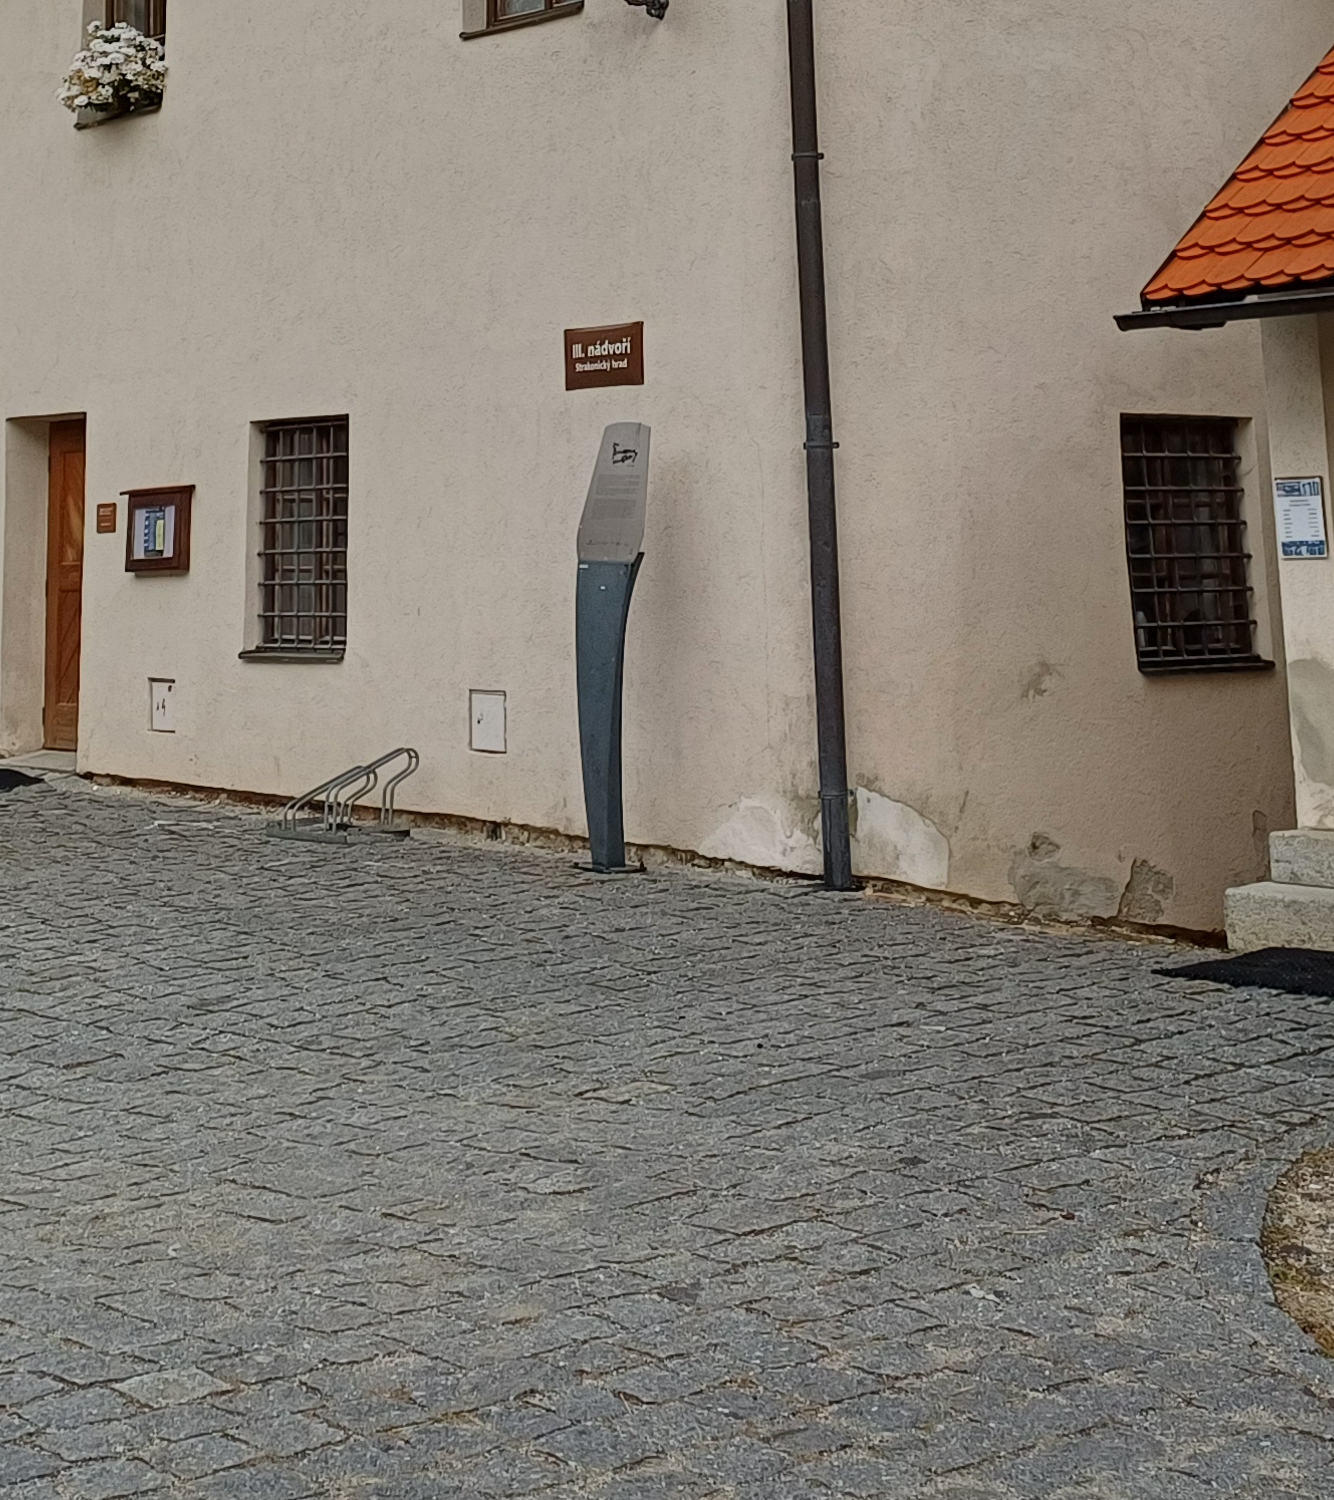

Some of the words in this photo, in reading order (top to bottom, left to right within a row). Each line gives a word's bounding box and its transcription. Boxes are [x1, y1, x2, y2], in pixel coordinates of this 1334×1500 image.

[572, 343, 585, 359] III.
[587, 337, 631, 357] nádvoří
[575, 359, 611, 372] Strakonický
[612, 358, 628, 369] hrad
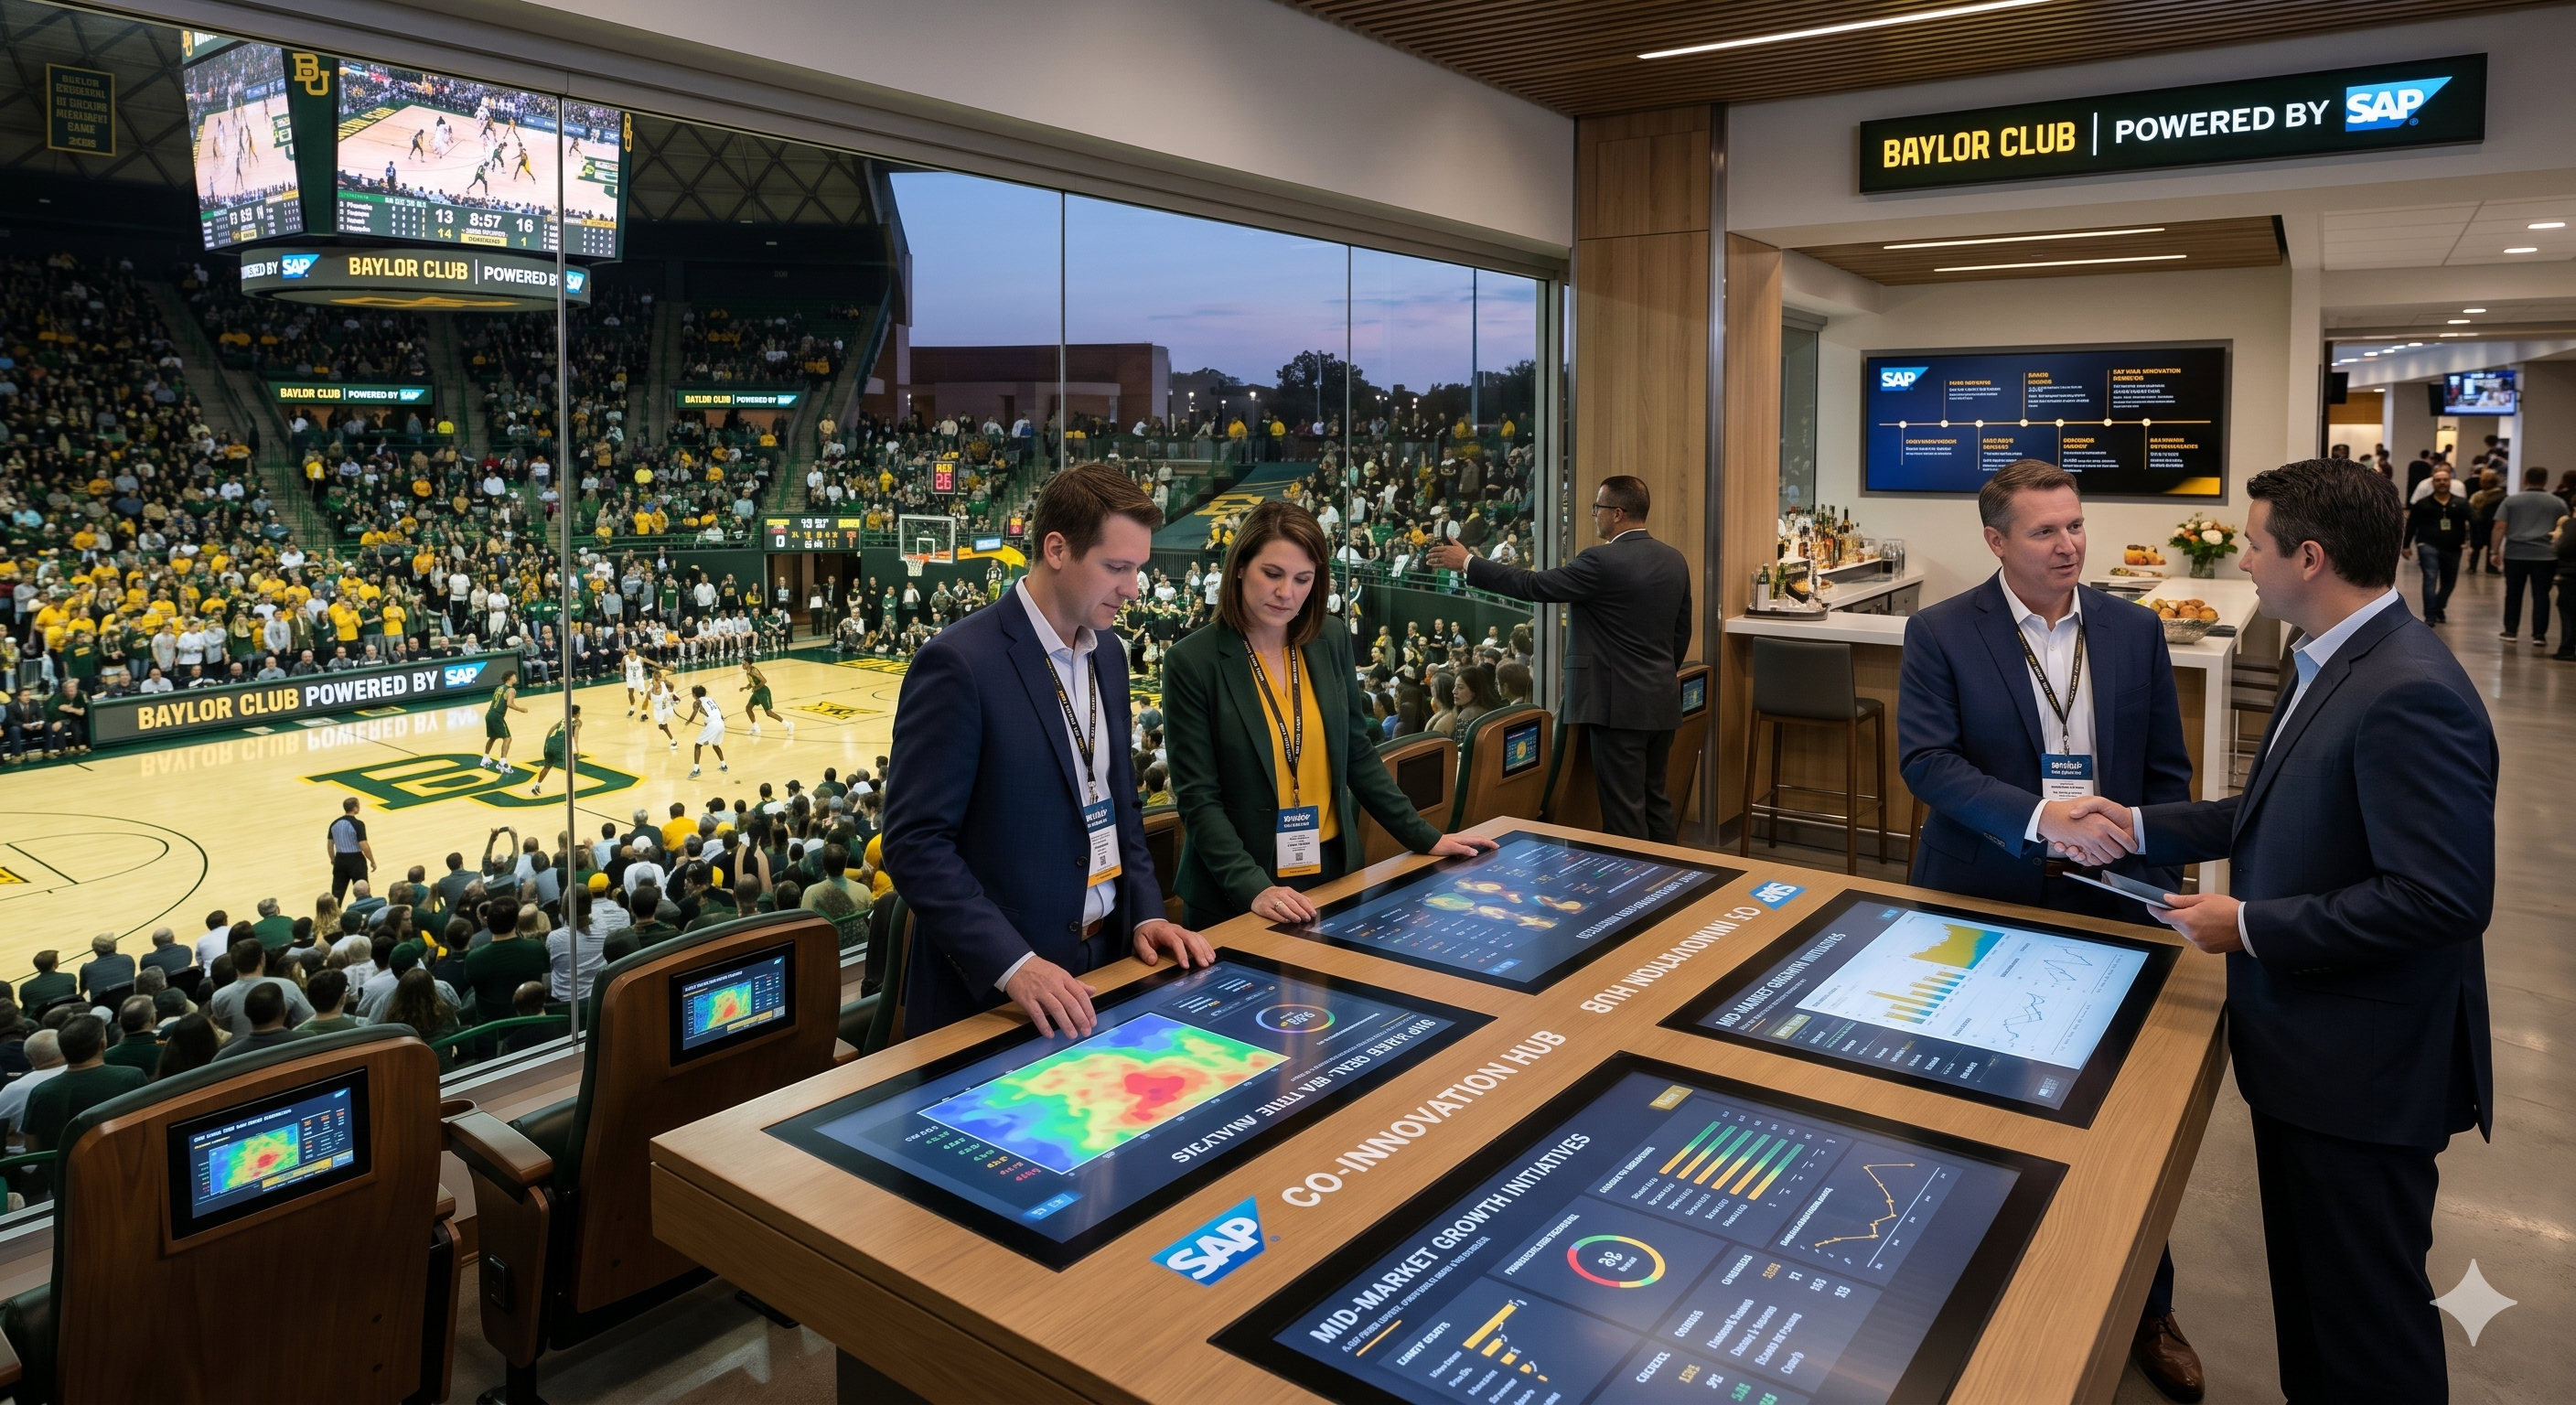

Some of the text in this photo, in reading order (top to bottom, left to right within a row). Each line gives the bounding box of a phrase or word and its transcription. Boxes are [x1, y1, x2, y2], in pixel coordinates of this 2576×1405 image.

**********

- ACTION ITEM
Write out the data precisely as given, excluding the pictures.

- EXERCISE RESULT
Some of the words in this photo, in reading order (top to bottom, left to right within a row). Each line gives a word's bounding box and its transcription. Boxes are [x1, y1, x2, y2], in pixel coordinates of this 1334×1500 image.

[572, 343, 585, 359] III.
[587, 337, 631, 357] nádvoří
[575, 359, 611, 372] Strakonický
[612, 358, 628, 369] hrad

Some of the text in this photo, in reading order (top to bottom, left to right within a row). Each line gives the bounding box of a phrase or word and its transcription. Boxes are [x1, y1, x2, y2], in pixel coordinates of this 2576×1405 image.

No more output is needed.